OOoo OO OO! She sold her place in Yucca CA, and it was absolutely fantastic! Check the pictures in the desertsun. Bev got it right though - hard place to live in, as it was complete in and of itself. A prehistoric backbone table wrapping up into the ceiling? Intruding boulders? Evil Empire gate? check check check! That said, it kicked the ass of Bob Hope's house and a few Frank Lloyd Wright places I've seen IMO. Would have taken most every cent, but wotta place!
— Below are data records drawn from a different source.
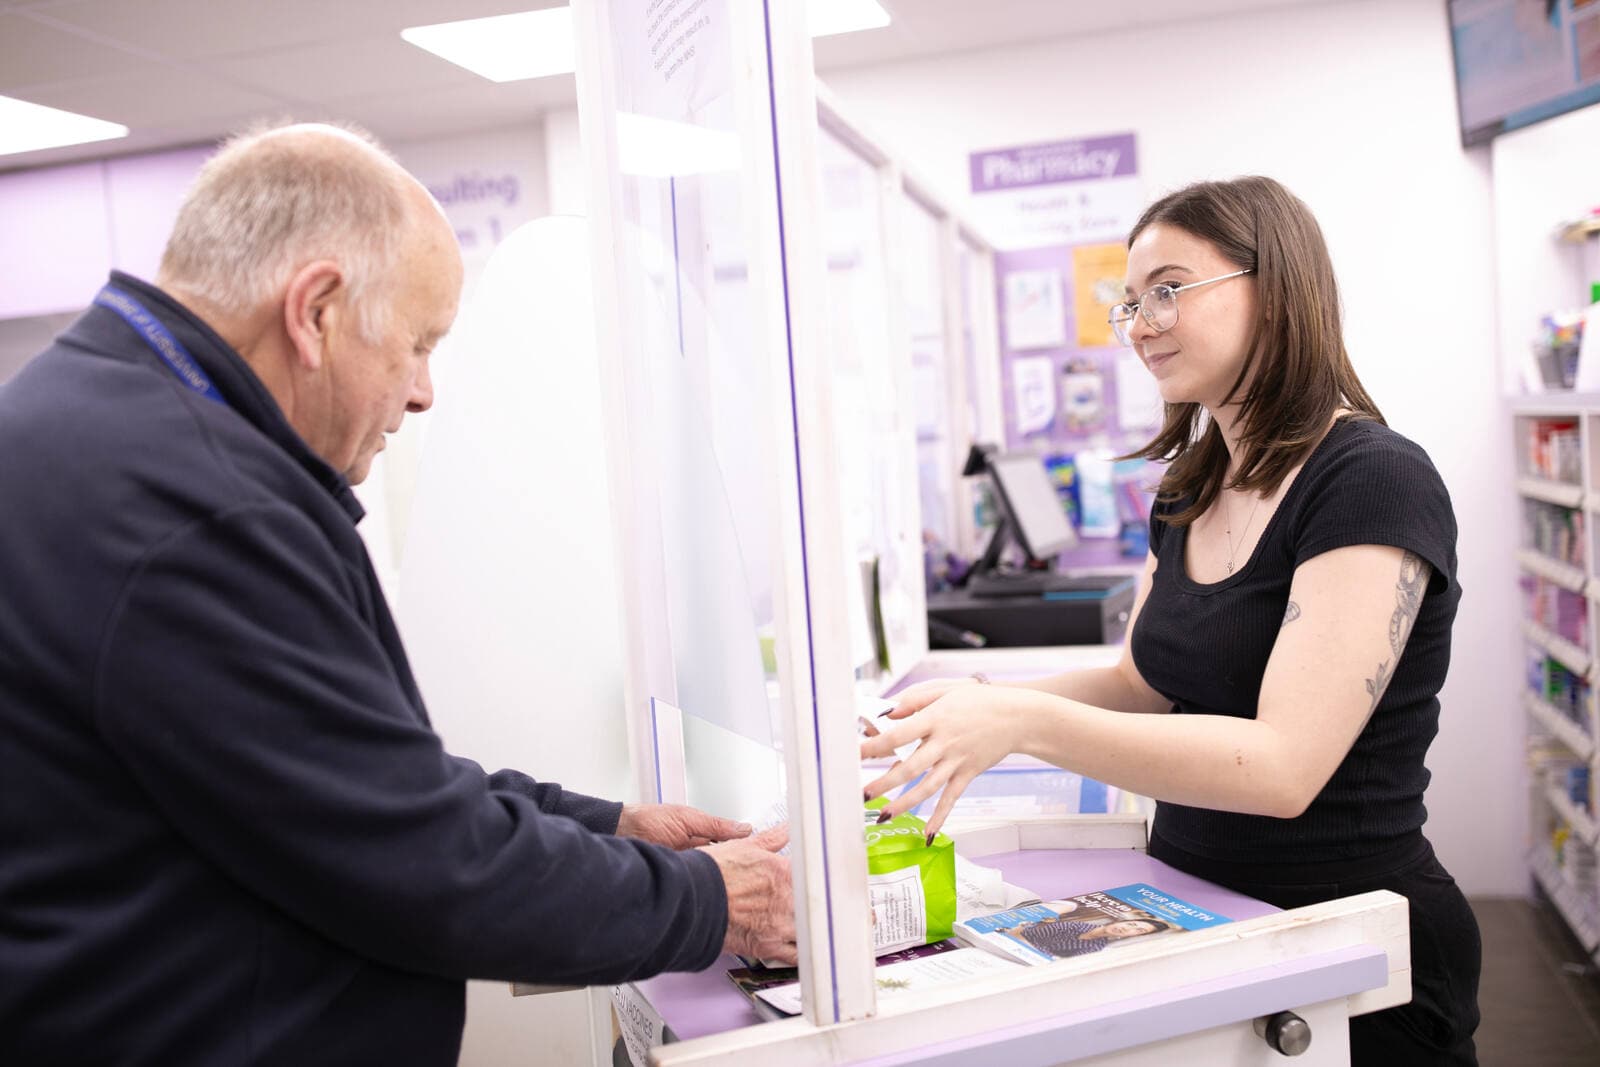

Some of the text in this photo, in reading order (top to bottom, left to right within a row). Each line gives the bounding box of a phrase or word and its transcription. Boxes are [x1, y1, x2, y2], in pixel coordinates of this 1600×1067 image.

[982, 149, 1122, 187] Pharmacy
[1137, 887, 1169, 904] YOUR
[1166, 900, 1216, 922] HEALTH
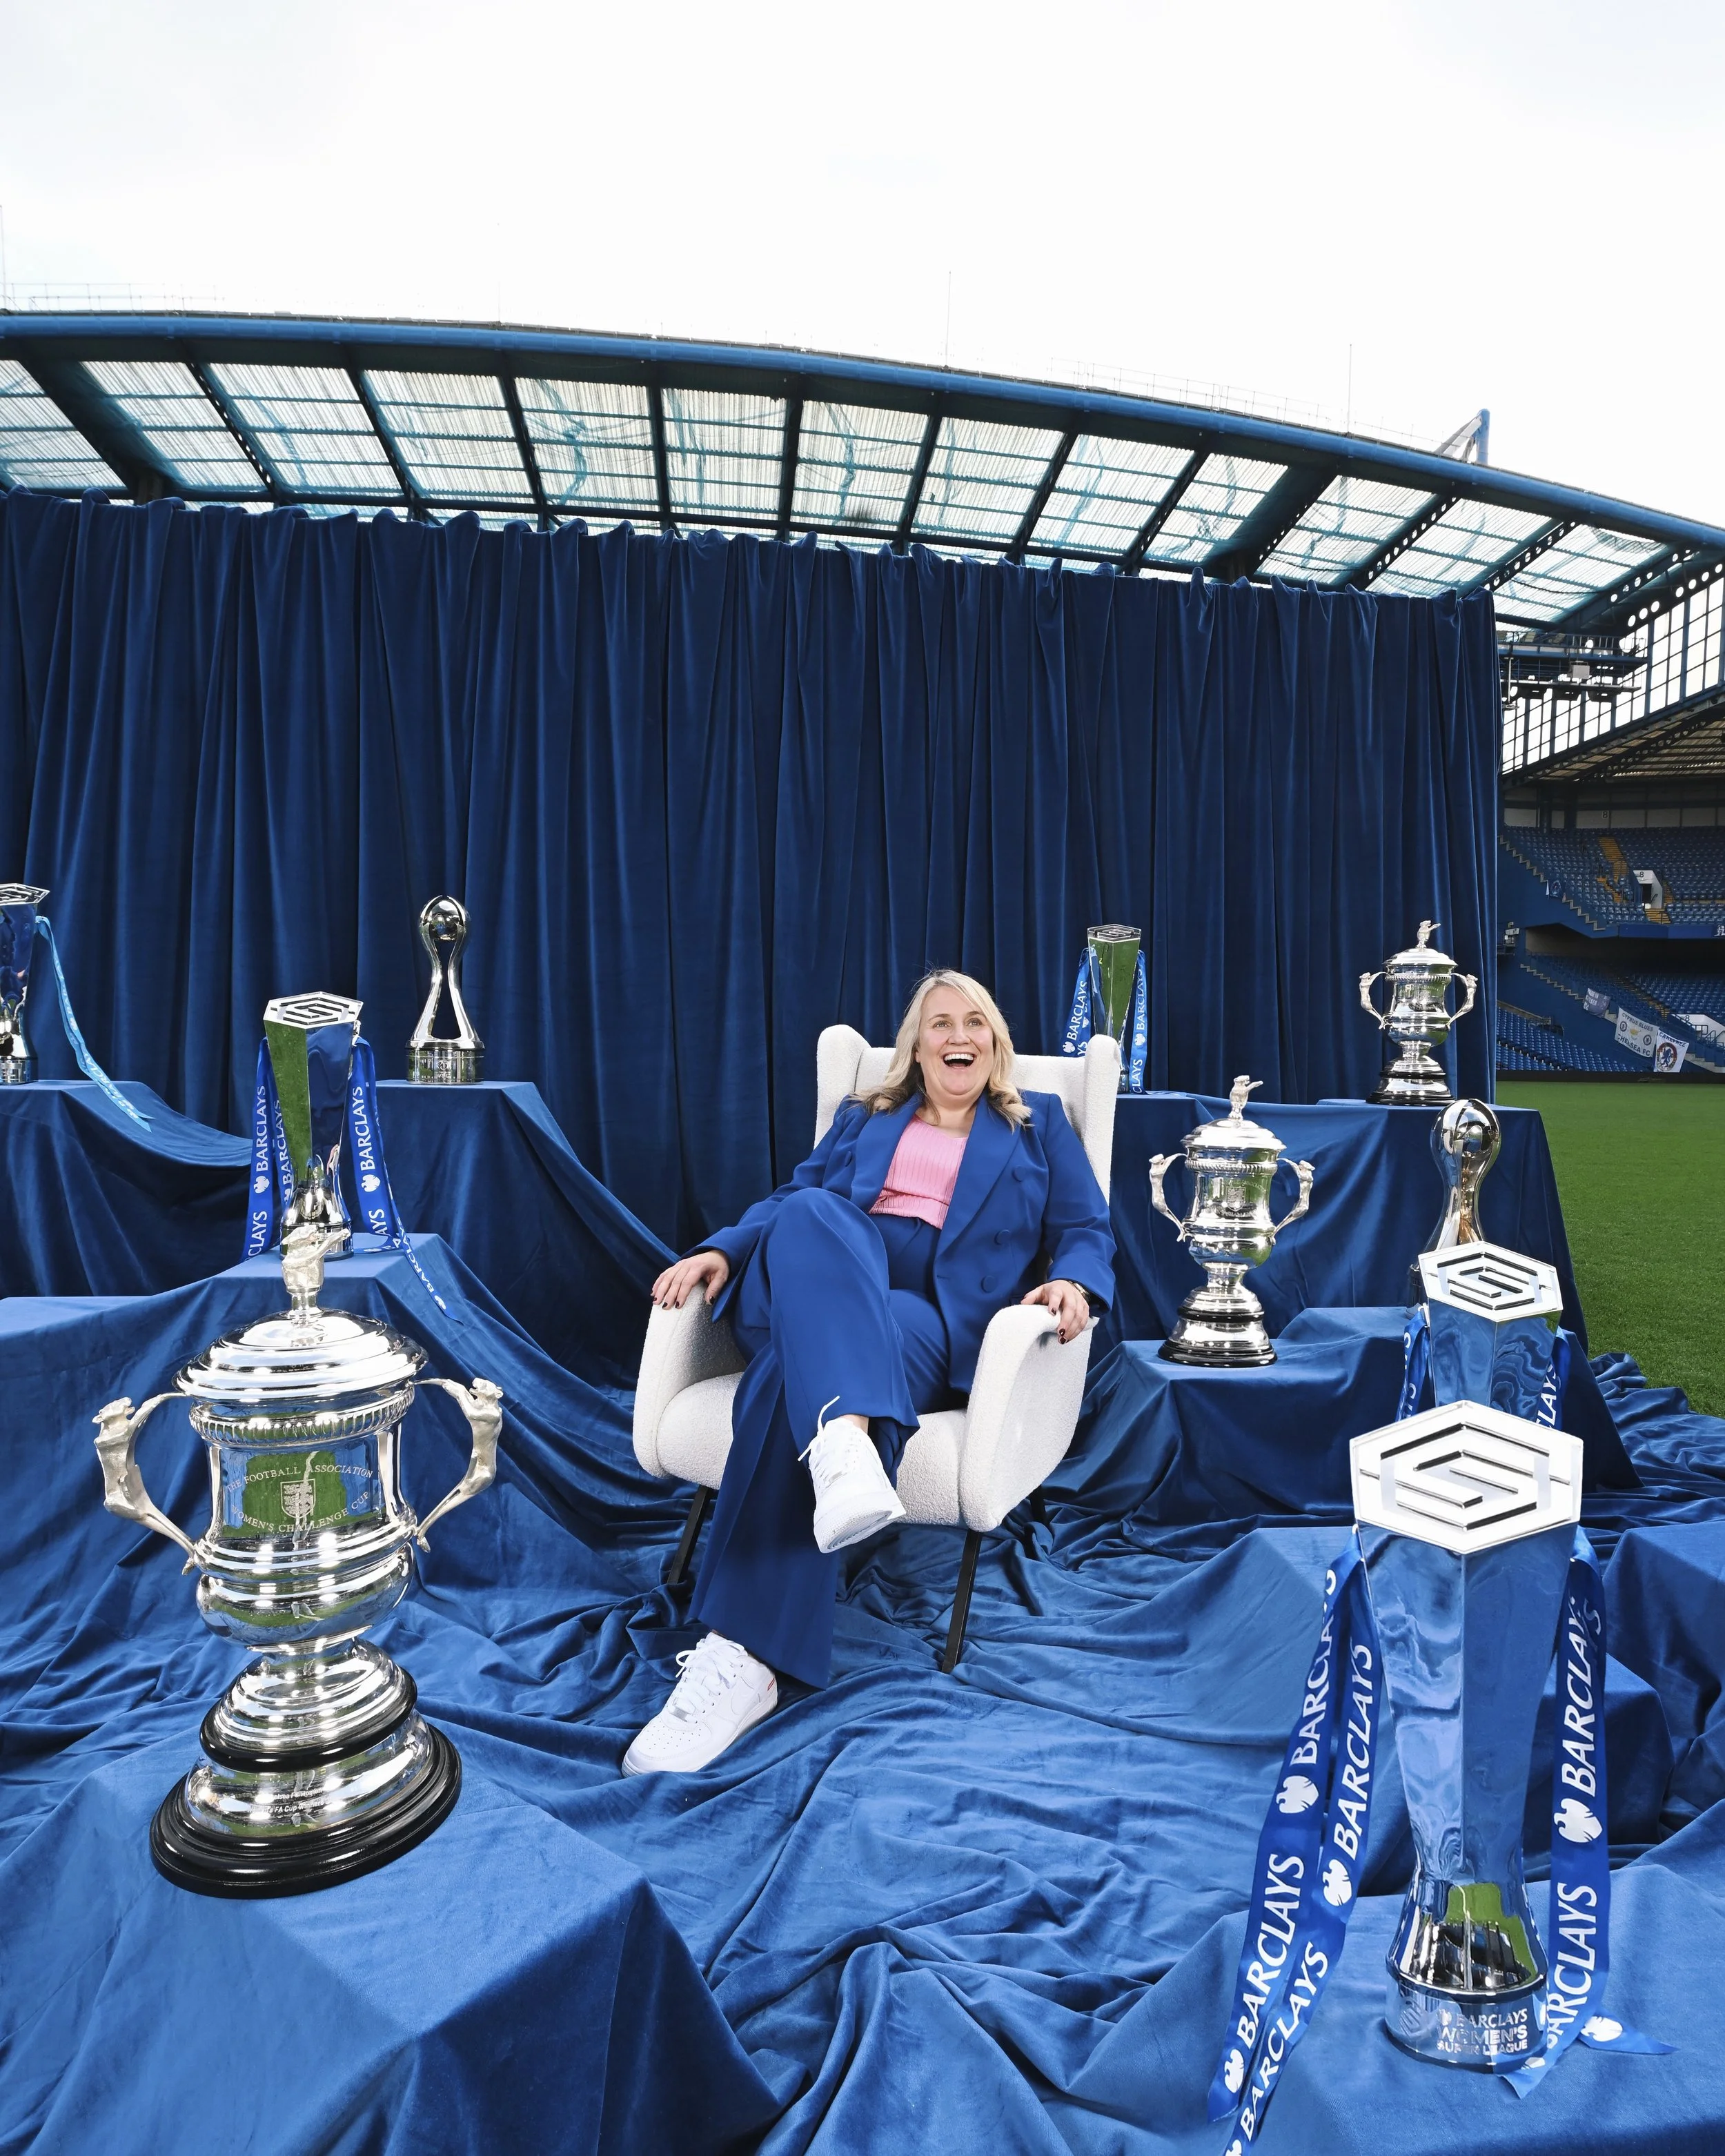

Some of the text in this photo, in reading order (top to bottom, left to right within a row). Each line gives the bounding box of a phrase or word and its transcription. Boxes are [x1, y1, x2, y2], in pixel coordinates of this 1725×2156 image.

[1602, 811, 1608, 819] 8
[1066, 980, 1088, 1040] BARCLAYS
[1136, 969, 1146, 1031] BARCLAYS
[1621, 1012, 1653, 1032] CYPRUS BLUES
[1642, 1047, 1650, 1056] FC
[1659, 1031, 1687, 1048] CAREFREE
[1132, 1058, 1143, 1094] CLAYS
[256, 1085, 268, 1172] BARCLAYS
[274, 1099, 293, 1185] BARCLAYS
[352, 1086, 376, 1171] BARCLAYS
[245, 1210, 268, 1261] CLAYS
[397, 1216, 435, 1293] BARCLAYS
[226, 1465, 373, 1492] THE FOOTBALL ASSOCIATION
[231, 1491, 369, 1532] WOMEN'S CHALLENGE CUP
[1289, 1569, 1337, 1767] BARCLA
[1561, 1596, 1597, 1797] BARCLAY
[1332, 1638, 1373, 1861] BARCLAYS
[299, 1799, 324, 1810] Winners
[1236, 1853, 1305, 2048] BARCLAYS
[1240, 1941, 1329, 2142] BARCLAYS
[1437, 2024, 1528, 2045] WOMEN'S
[1456, 2008, 1528, 2029] BARCLAYS
Bev Doolittle estate in Joshua Tree on sale for $3 million

Kellogg-designed Joshua Tree house for sale

"There was plenty of studio space to paint, write and daydream. But Bev Doolittle preferred to work near the underground garage, in a half-circle room with a library and space for research. She hung her art on the back wall.
"It's like living in a piece of art. It kind of took on a different mindset, because I do art myself, the house didn't feel right. It was like hanging art on art," she said.
Kellogg wanted the home to be more about the idea and amusement of nature, rather than a carbon copy.
"You don't copy nature, you don't emulate it, you take it for what it's worth," Kellogg said.
The Doolittles eventually wanted to downsize, to live a simpler life. After living in the home for 11 years, they were getting too old for the stairways and rock floors. Now semi-retired, they moved to the Mars-red dry desert of the St. George, Utah area.
Bev Doolittle chuckled about her fond memories of the home. She had often dusted the boulders that jutted into the house.
"It's really hard to walk away from that. It's very emotional," Doolittle said."